● **Problem to work on**:
Apart from the images, the records below need to be copied exactly.

_ _ _ _

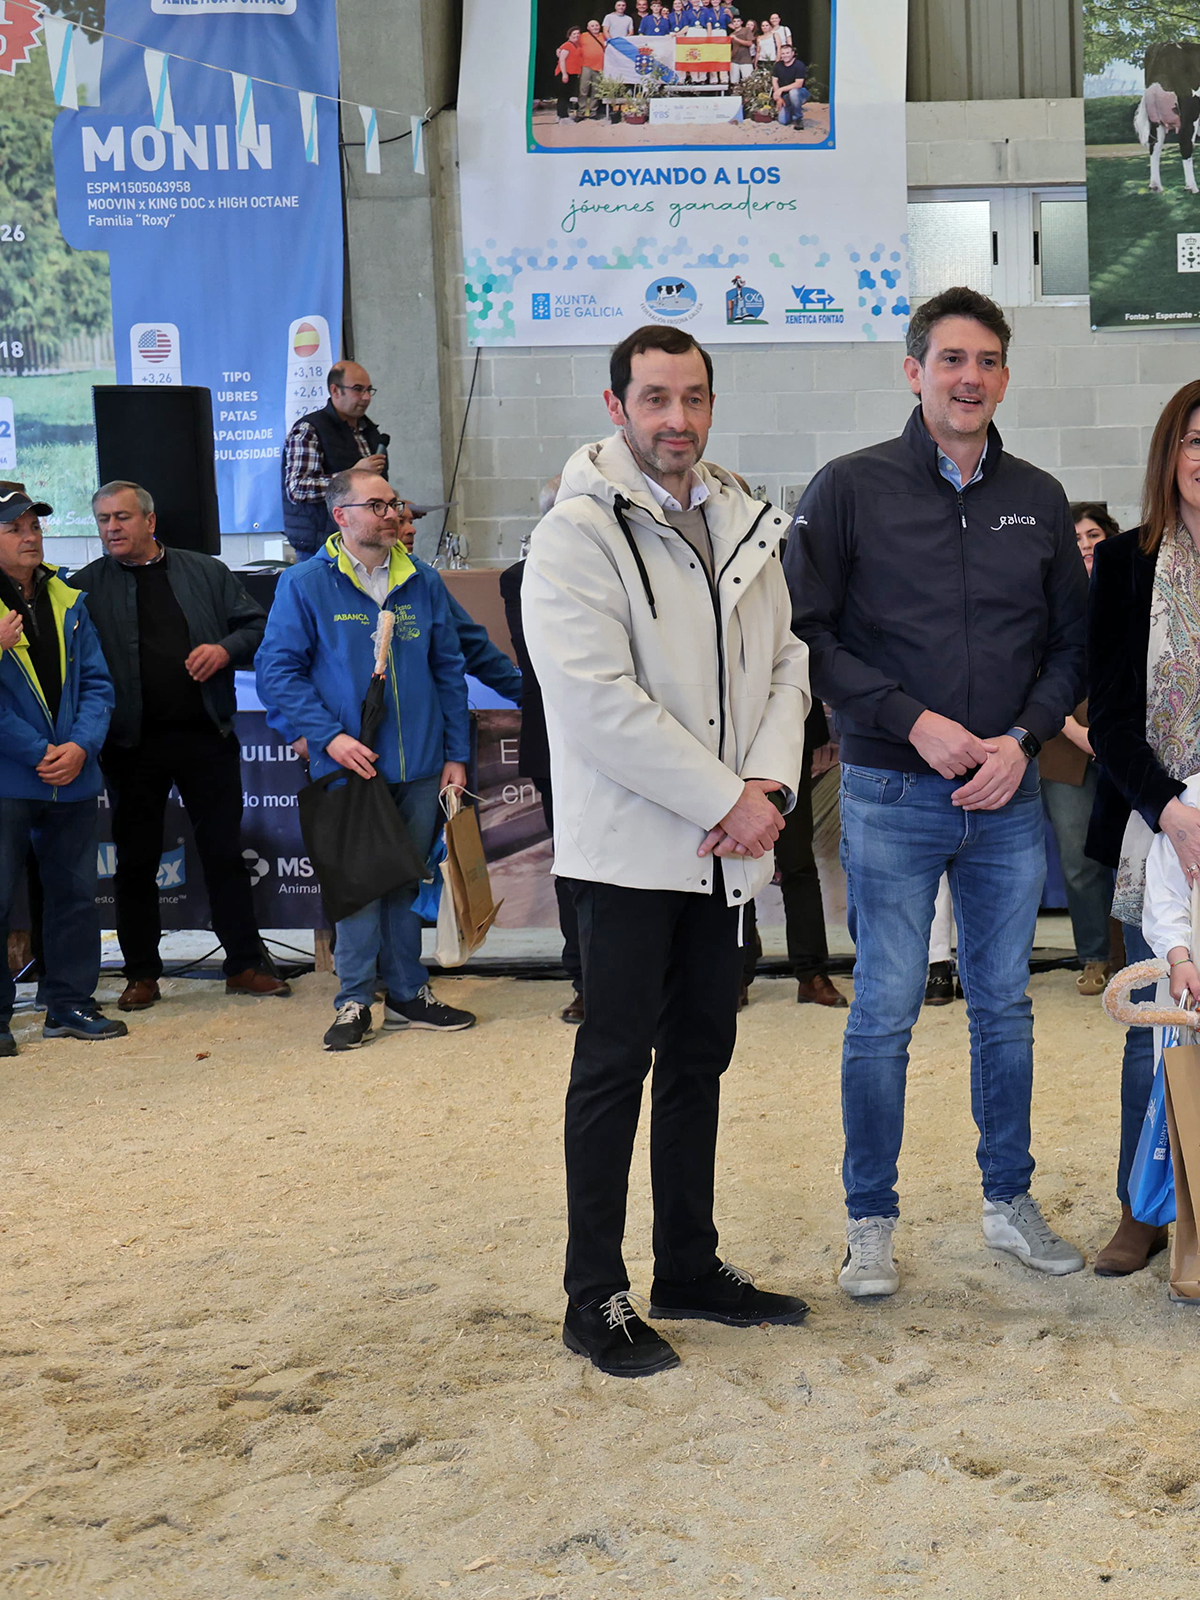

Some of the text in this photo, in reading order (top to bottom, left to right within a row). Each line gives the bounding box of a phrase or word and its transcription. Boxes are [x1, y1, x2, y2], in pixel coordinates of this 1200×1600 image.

[81, 123, 273, 172] MONIN
[579, 166, 781, 187] APOYANDO A LOS
[86, 181, 191, 194] ESPM1505063958
[88, 195, 299, 210] MOOVIN x KING DOC x HIGH OCTANE
[561, 184, 797, 233] jóvenes ganaderos
[88, 214, 133, 227] Familia
[0, 224, 25, 242] 26
[554, 294, 597, 305] XUNTA
[554, 306, 624, 318] DE GALICIA
[1125, 313, 1150, 321] Fontao
[1155, 312, 1193, 320] Esperante
[818, 314, 845, 324] FONTAO
[141, 372, 173, 385] +3,26
[222, 371, 251, 383] TIPO
[293, 366, 323, 378] +3,18
[217, 390, 258, 402] UBRES
[293, 386, 324, 398] +2,61
[220, 410, 258, 422] PATAS
[213, 428, 273, 441] APACIDADE
[214, 447, 281, 461] GULOSIDADE
[65, 511, 96, 526] Santo
[990, 513, 1036, 531] galicia
[336, 613, 369, 621] ABANCA
[242, 745, 300, 762] UILID
[277, 857, 314, 878] MS
[278, 882, 321, 894] Animal

_ _ _ _

● **Solution**:
Some of the text in this photo, in reading order (top to bottom, left to right within a row). Each line gives the bounding box of a phrase or word and its transcription. Boxes are [x1, y1, x2, y2], in pixel coordinates of this 1200×1600 image.

[81, 123, 273, 172] MONIN
[579, 166, 781, 187] APOYANDO A LOS
[86, 181, 191, 194] ESPM1505063958
[88, 195, 299, 210] MOOVIN x KING DOC x HIGH OCTANE
[561, 184, 797, 233] jóvenes ganaderos
[88, 214, 133, 227] Familia
[0, 224, 25, 242] 26
[554, 294, 597, 305] XUNTA
[554, 306, 624, 318] DE GALICIA
[1125, 313, 1150, 321] Fontao
[1155, 312, 1193, 320] Esperante
[818, 314, 845, 324] FONTAO
[141, 372, 173, 385] +3,26
[222, 371, 251, 383] TIPO
[293, 366, 323, 378] +3,18
[217, 390, 258, 402] UBRES
[293, 386, 324, 398] +2,61
[220, 410, 258, 422] PATAS
[213, 428, 273, 441] APACIDADE
[214, 447, 281, 461] GULOSIDADE
[65, 511, 96, 526] Santo
[990, 513, 1036, 531] galicia
[336, 613, 369, 621] ABANCA
[242, 745, 300, 762] UILID
[277, 857, 314, 878] MS
[278, 882, 321, 894] Animal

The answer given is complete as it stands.